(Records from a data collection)

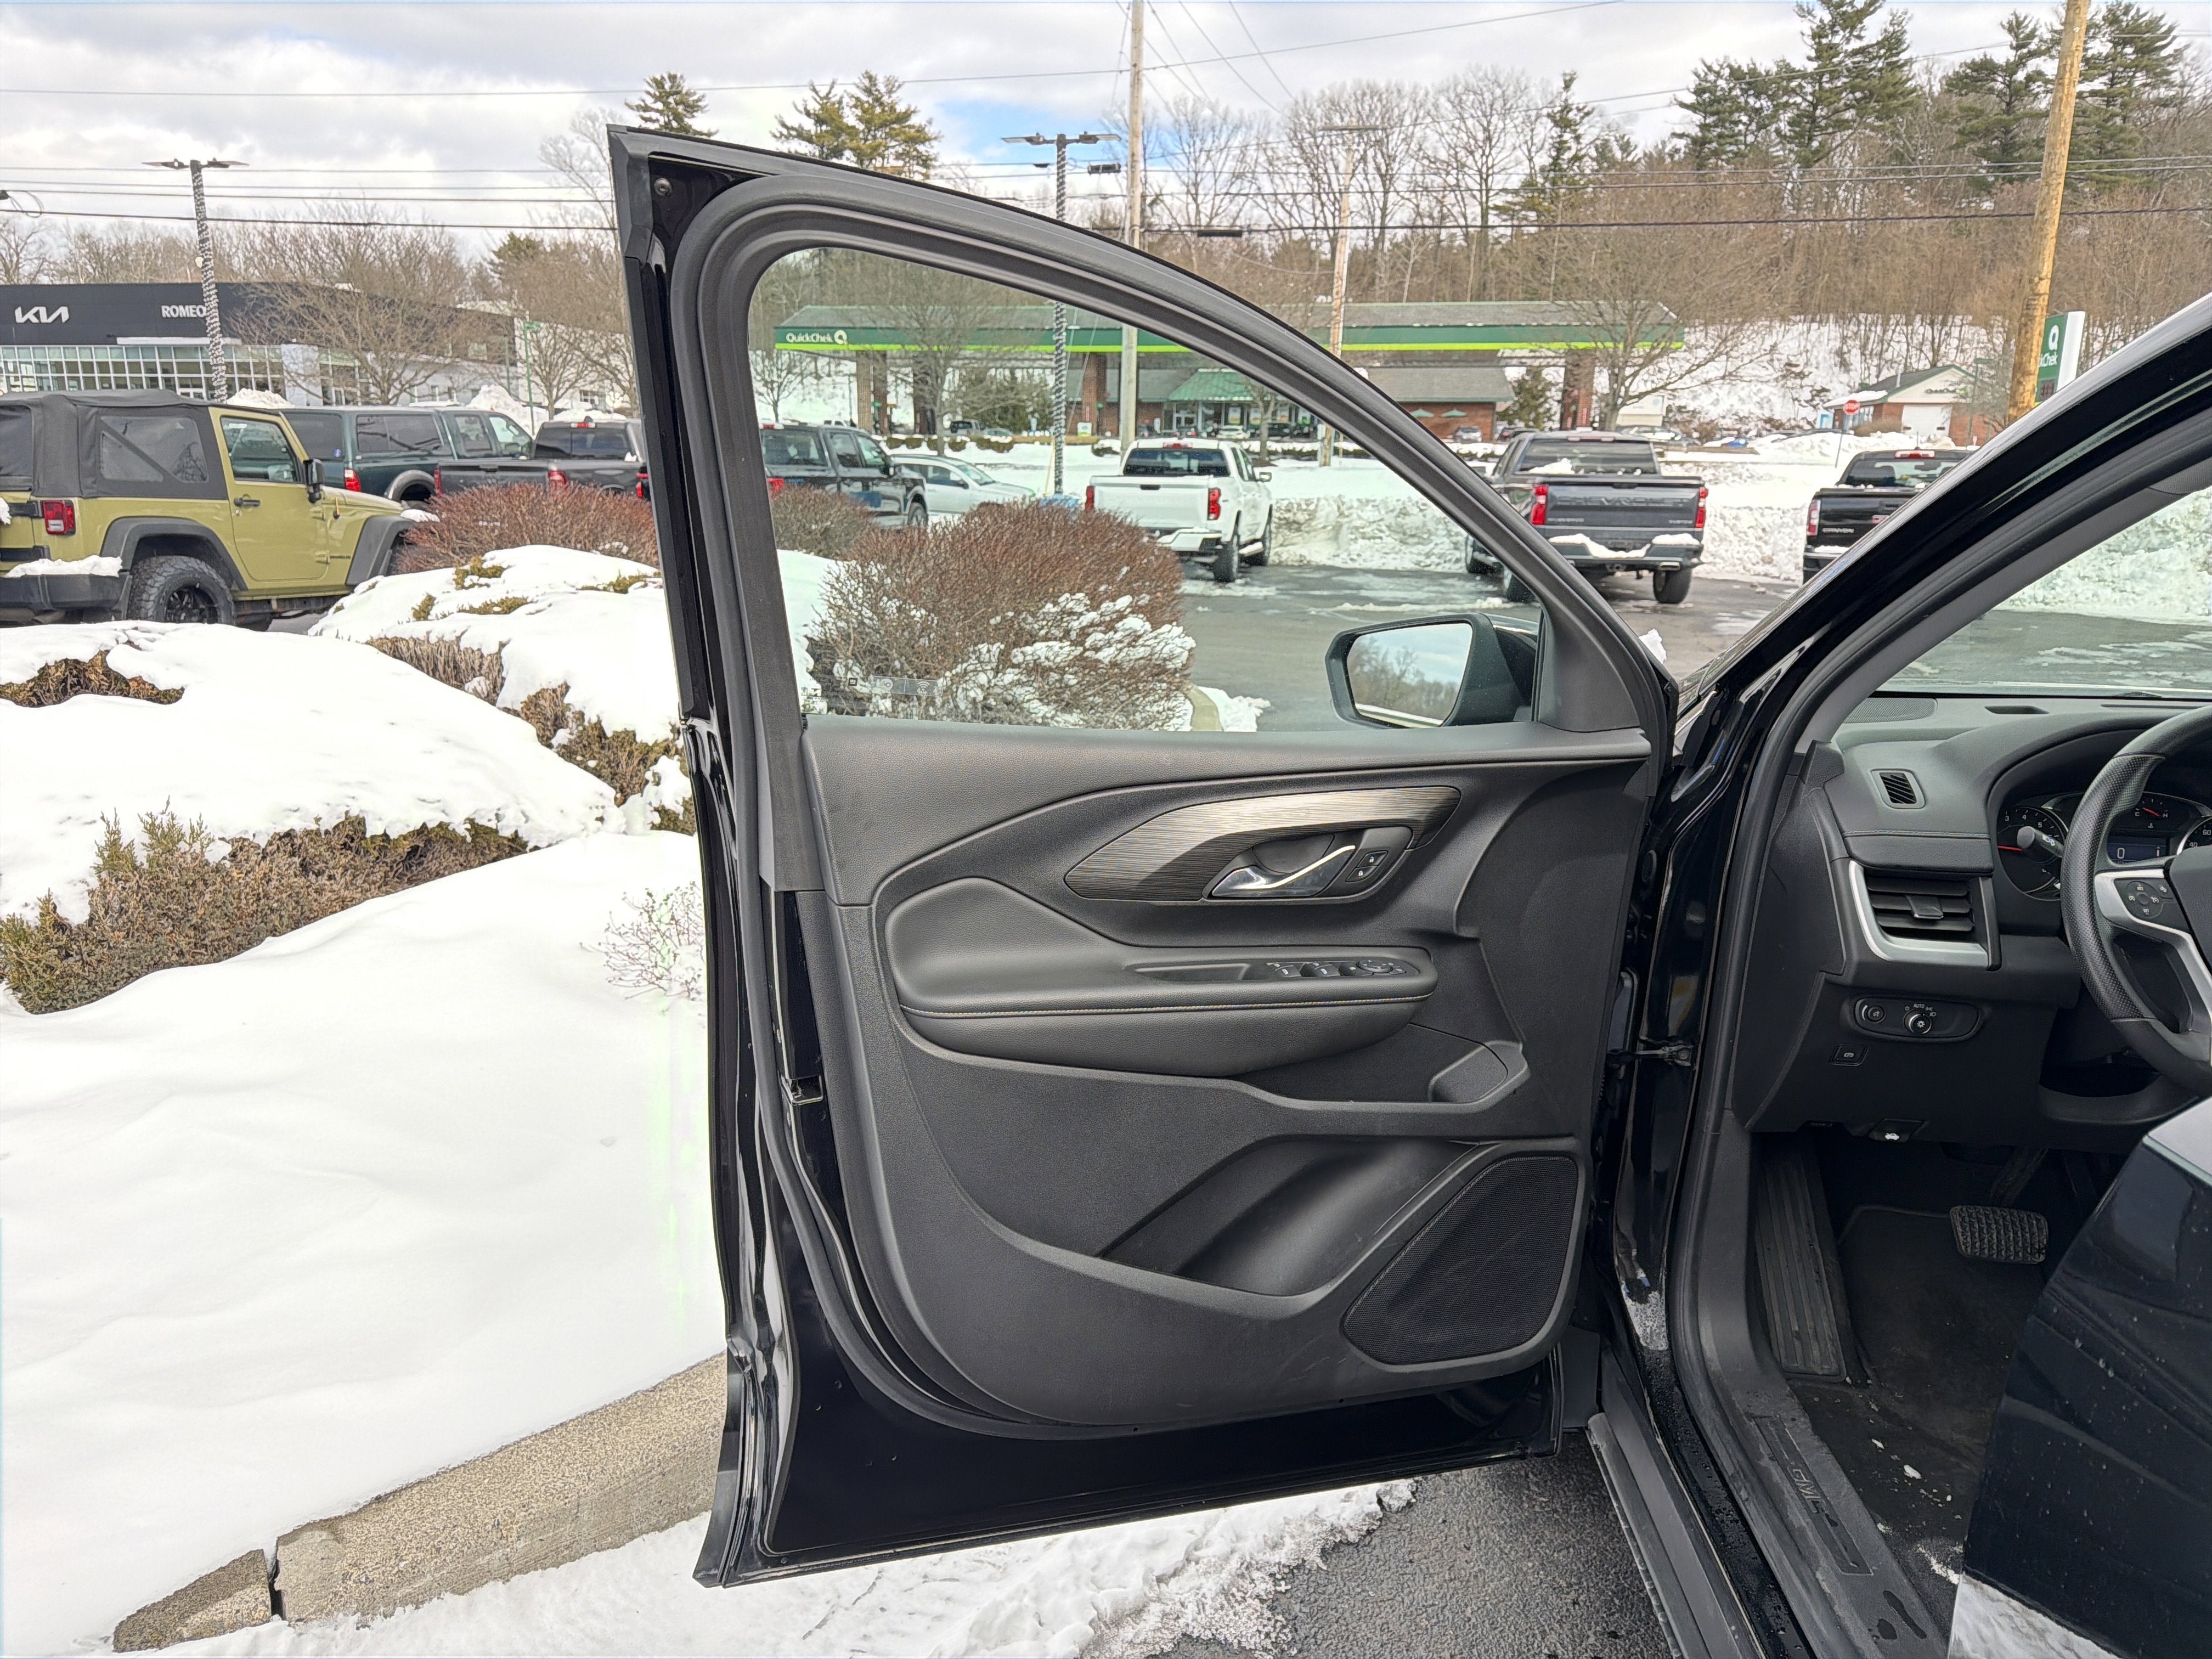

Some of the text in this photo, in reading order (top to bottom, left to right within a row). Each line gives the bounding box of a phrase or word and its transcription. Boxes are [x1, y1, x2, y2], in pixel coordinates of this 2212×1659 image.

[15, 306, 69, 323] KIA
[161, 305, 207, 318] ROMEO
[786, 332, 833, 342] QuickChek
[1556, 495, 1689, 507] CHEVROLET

* _Problem_:
From the first line to the last, set down the records word for word and drop the images.

* _Problem solution_:
Some of the text in this photo, in reading order (top to bottom, left to right within a row). Each line gives the bounding box of a phrase or word and its transcription. Boxes are [x1, y1, x2, y2], in pixel coordinates of this 2212×1659 image.

[15, 306, 69, 323] KIA
[161, 305, 207, 318] ROMEO
[786, 332, 833, 342] QuickChek
[1556, 495, 1689, 507] CHEVROLET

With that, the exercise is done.